All of the detritus was eventually deleted to the satisfaction of the clinic and IPC. The clinic reconfigured its means of providing secure remote access to adresses the risk of local storage and beefed up its administrative policies and training. There is no mention of implementing a digital loss prevention solution.

The IPC decision is notable for two points.

First, the IPC made clear that custodians should not rely on the IPC to help with data recovery (which can be very expensive):

It is clear that interactions between the Clinic and the Spouse had been very challenging, chiefly due to the Spouse’s changing positions throughout this investigation. However, the obligations on a health information custodian to contain the breach remain, even in the face of challenging circumstances.  The Privacy Breach Guidelines are clear that there is an obligation on the health information custodian to retrieve any copies of personal health information that have been disclosed and ensure that no copies of personal health information have been made or retained by anyone who was not authorized to receive the information.  Nothing in the legislation or these guidelines transfers this obligation to the IPC.

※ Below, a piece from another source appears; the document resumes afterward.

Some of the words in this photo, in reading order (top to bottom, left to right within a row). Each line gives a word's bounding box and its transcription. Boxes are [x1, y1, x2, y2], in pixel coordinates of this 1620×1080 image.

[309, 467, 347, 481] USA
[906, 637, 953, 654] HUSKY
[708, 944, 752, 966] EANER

Second, the clinic was less skeptical of the clinician than it might otherwise have been, and did not issue discipline. The IPC accepted this, and re-stated its deferential position on employee discipline as follows:

With respect to the Clinic’s decision, I am satisfied that it was reasonable in the circumstances. This office has stated that its role is not to judge the severity or appropriateness of sanctions taken by a custodian against its agents (see PHIPA Decision 74).  However, the IPC can taken into account a custodian’s disciplinary response as part of its assessment of whether the custodian has taken reasonable steps to protect personal health information against unauthorized access.

A Rehabilitation Clinic (Re), 2020 CanLII 45770 (ON IPC).